**THE PROBLEM:** All lines from the one with "Some of the words" onward, through the last line of the records below, are to be retyped word for word.

Collected data:
•••

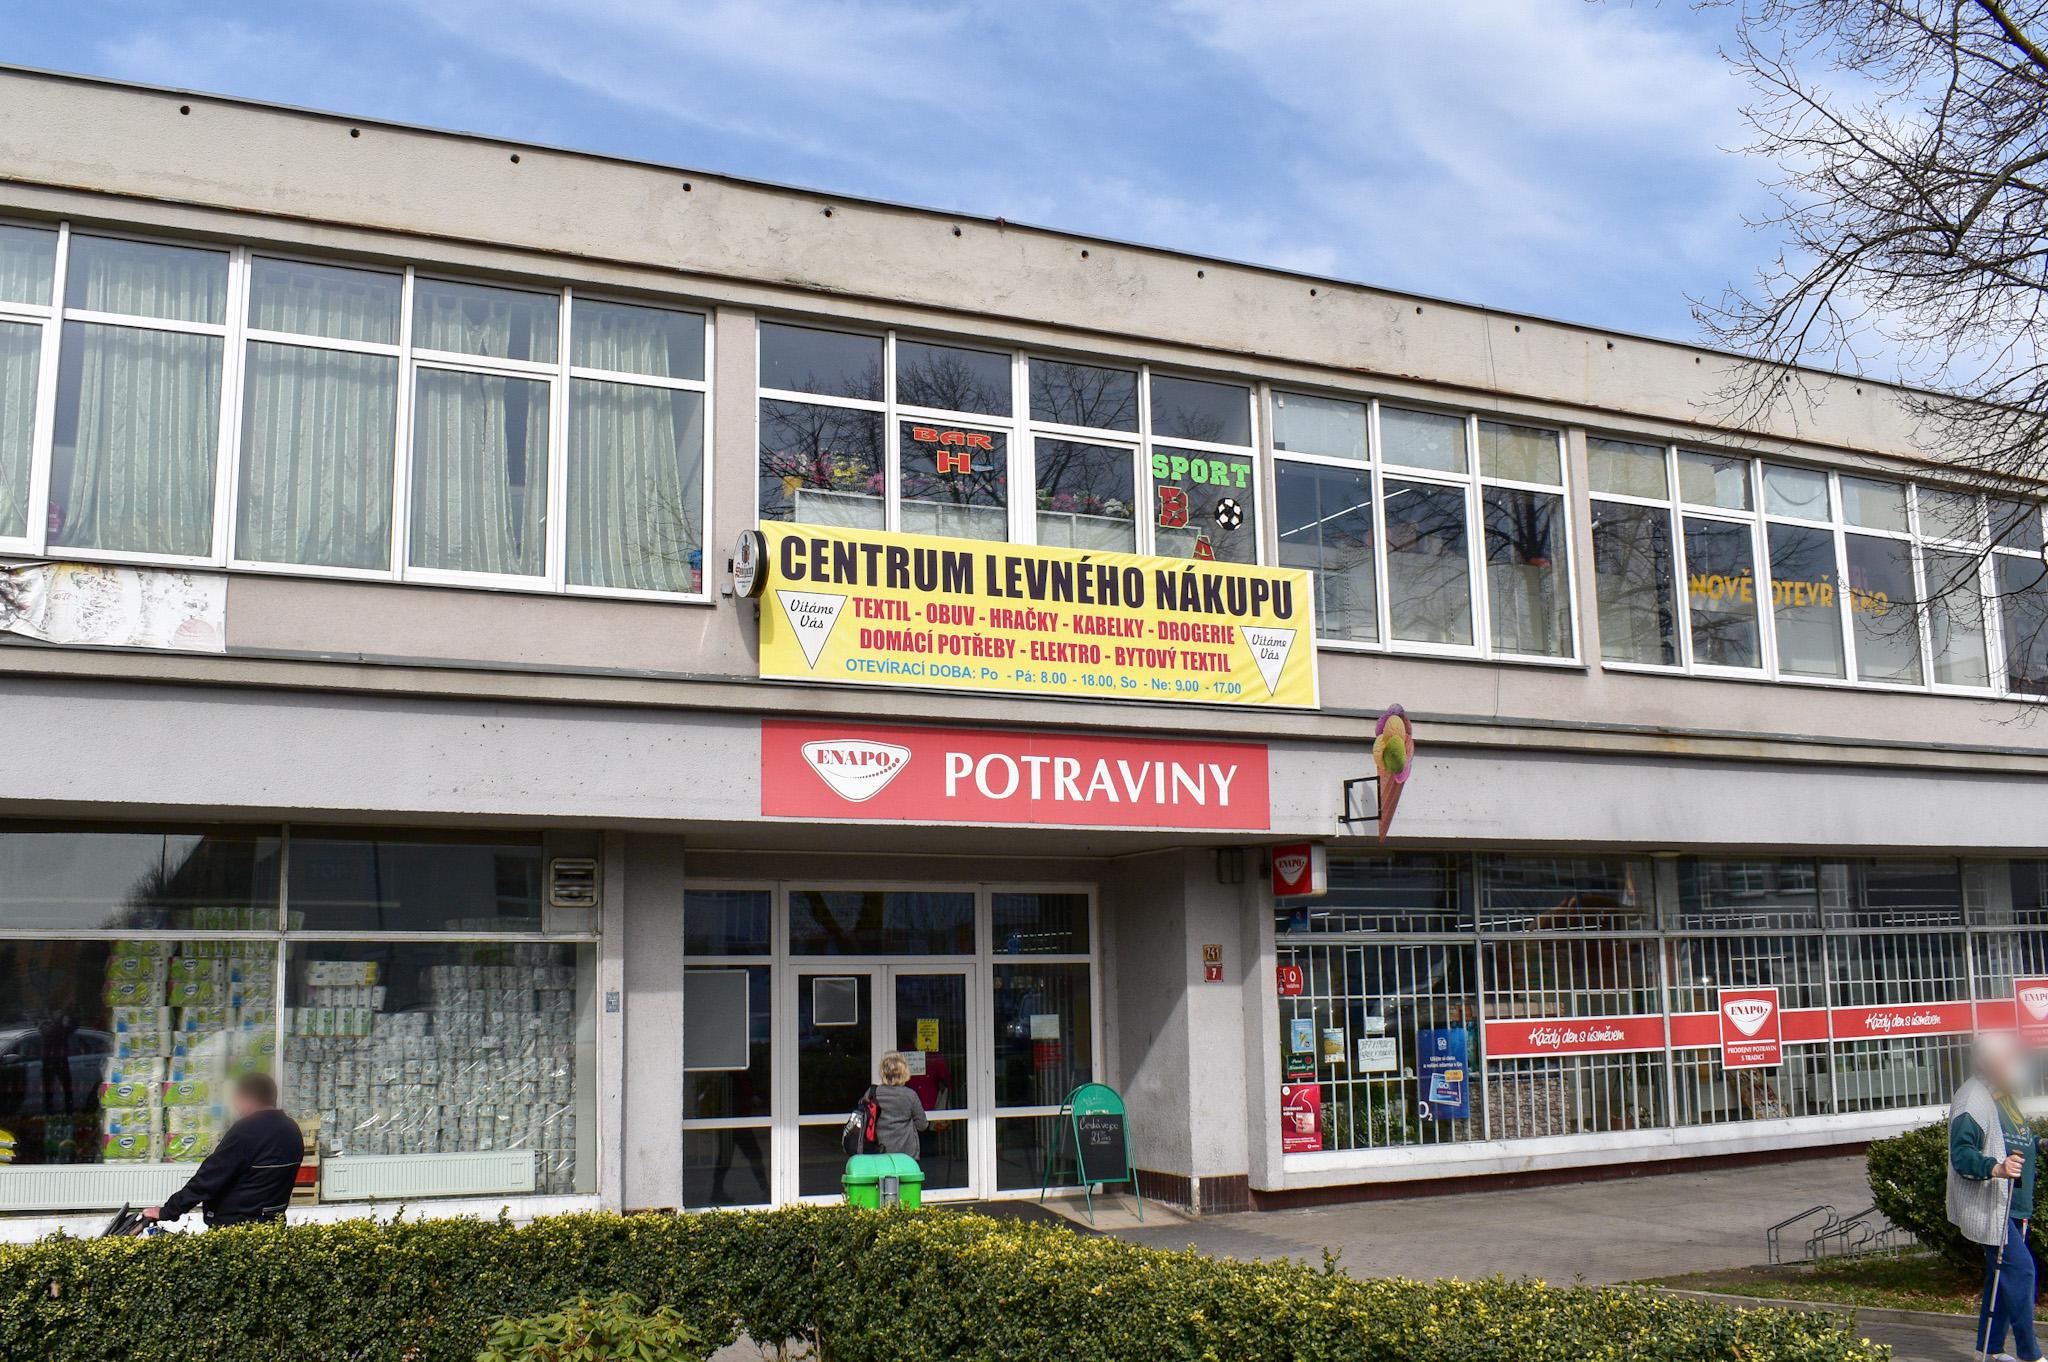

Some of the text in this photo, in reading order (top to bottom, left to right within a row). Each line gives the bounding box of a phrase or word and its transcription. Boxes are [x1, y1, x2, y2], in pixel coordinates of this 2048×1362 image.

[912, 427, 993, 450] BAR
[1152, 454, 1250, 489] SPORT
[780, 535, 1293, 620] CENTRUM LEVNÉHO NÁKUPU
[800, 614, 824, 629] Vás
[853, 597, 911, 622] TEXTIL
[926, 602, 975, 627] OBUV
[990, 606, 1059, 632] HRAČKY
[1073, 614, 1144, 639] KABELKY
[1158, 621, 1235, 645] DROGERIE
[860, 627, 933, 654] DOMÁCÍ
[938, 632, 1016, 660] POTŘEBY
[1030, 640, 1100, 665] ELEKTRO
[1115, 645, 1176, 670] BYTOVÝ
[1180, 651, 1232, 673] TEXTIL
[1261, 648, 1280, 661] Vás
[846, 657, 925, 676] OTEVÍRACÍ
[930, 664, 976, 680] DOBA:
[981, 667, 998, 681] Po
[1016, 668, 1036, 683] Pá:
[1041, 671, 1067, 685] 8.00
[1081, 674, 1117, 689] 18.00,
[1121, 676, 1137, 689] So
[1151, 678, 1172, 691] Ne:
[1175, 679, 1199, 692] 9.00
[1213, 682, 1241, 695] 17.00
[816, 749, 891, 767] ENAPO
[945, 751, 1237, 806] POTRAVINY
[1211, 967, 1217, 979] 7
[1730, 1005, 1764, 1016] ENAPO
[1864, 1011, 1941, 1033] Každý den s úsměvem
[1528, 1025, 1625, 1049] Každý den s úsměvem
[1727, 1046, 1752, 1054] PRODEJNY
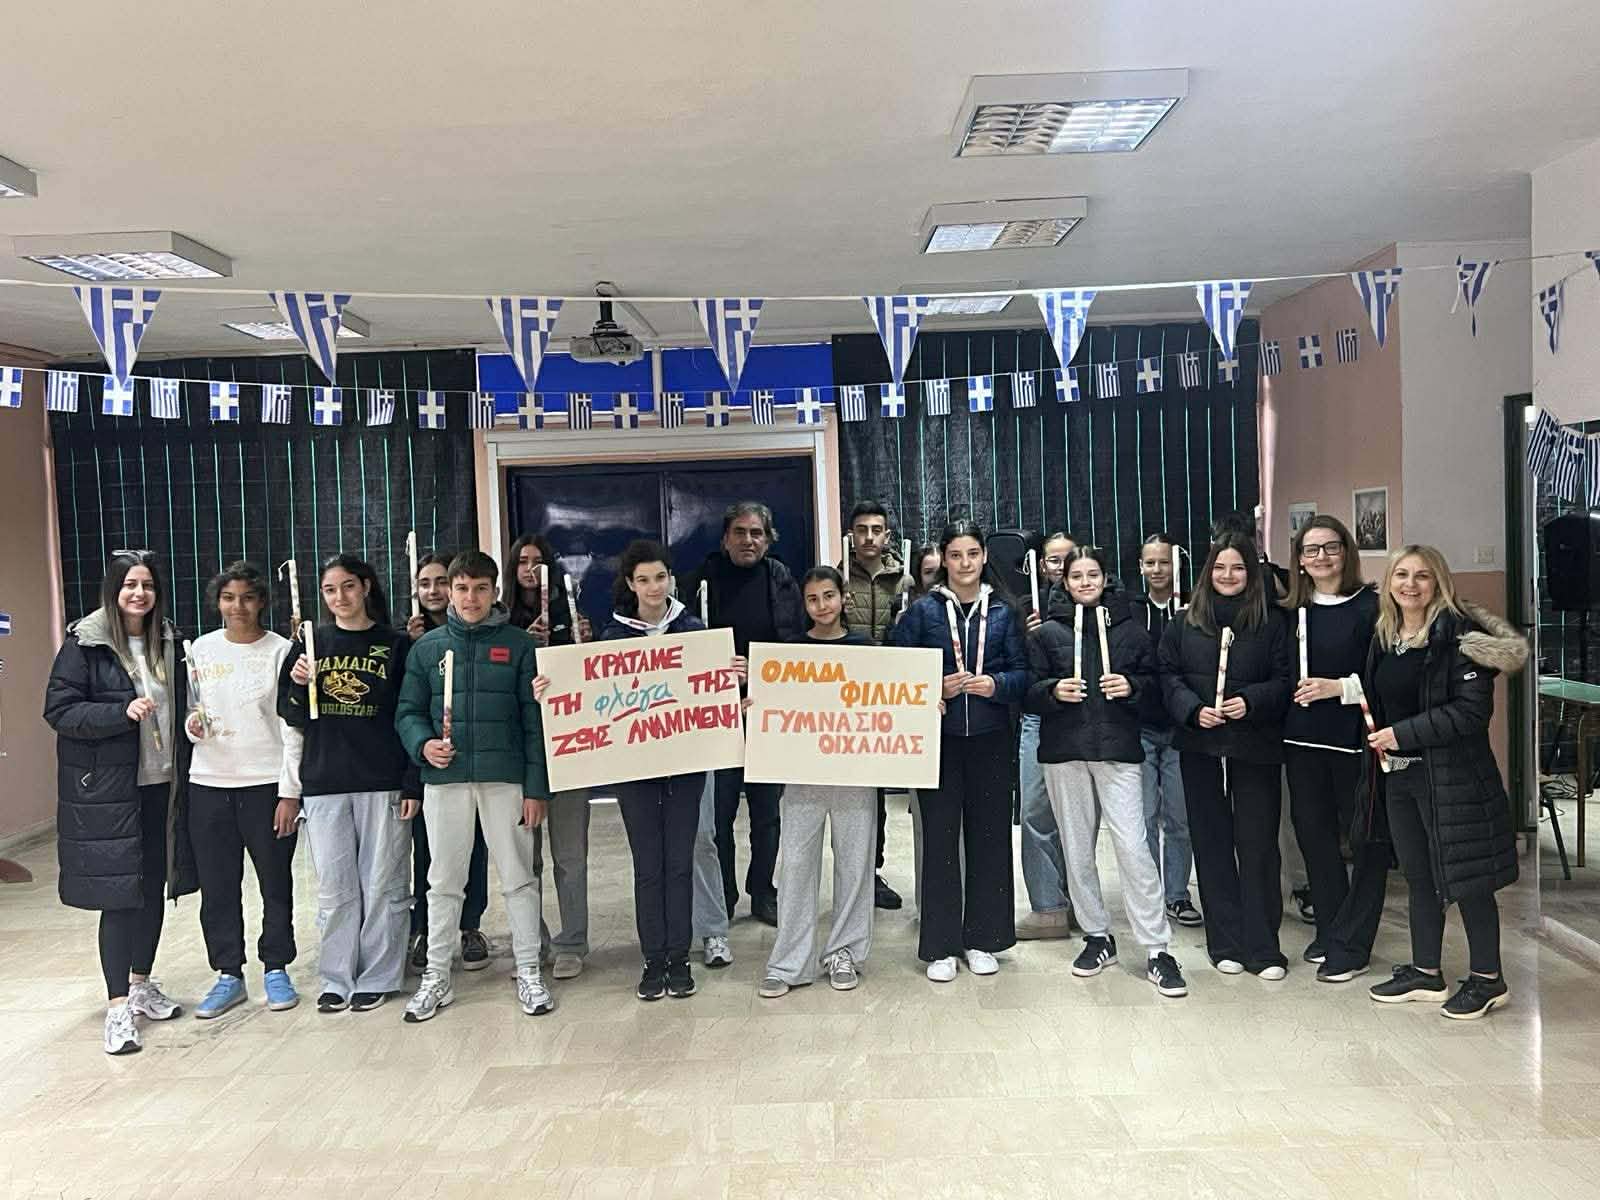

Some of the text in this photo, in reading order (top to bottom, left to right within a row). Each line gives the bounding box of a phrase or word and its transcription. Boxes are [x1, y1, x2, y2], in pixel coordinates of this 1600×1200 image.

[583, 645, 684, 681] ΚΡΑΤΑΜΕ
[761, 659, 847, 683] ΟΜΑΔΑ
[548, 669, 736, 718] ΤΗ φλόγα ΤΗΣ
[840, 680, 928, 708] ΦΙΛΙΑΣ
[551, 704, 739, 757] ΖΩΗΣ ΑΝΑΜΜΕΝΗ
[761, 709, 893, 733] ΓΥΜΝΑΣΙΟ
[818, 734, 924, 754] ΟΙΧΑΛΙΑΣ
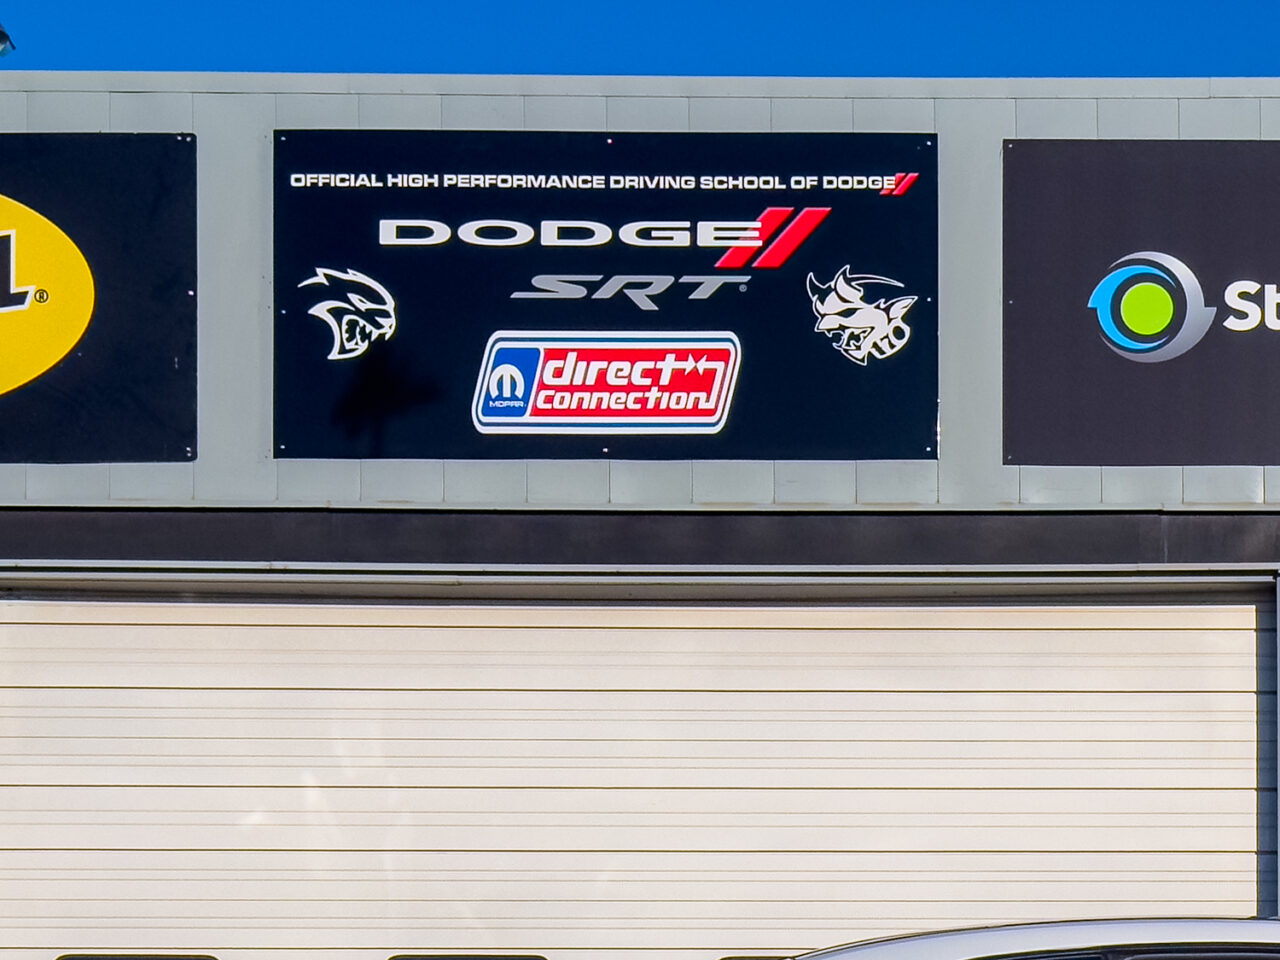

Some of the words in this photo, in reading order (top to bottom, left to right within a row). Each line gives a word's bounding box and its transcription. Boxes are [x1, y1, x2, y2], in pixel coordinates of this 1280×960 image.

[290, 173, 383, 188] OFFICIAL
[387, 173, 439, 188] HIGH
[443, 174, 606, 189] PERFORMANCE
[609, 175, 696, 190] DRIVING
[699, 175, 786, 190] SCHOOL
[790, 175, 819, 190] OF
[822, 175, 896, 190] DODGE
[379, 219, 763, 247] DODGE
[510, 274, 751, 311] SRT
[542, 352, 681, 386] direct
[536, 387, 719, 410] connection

•••

**RESULT OF THIS EXERCISE:**
Some of the words in this photo, in reading order (top to bottom, left to right within a row). Each line gives a word's bounding box and its transcription. Boxes are [x1, y1, x2, y2], in pixel coordinates of this 1280×960 image.

[290, 173, 383, 188] OFFICIAL
[387, 173, 439, 188] HIGH
[443, 174, 606, 189] PERFORMANCE
[609, 175, 696, 190] DRIVING
[699, 175, 786, 190] SCHOOL
[790, 175, 819, 190] OF
[822, 175, 896, 190] DODGE
[379, 219, 763, 247] DODGE
[510, 274, 751, 311] SRT
[542, 352, 681, 386] direct
[536, 387, 719, 410] connection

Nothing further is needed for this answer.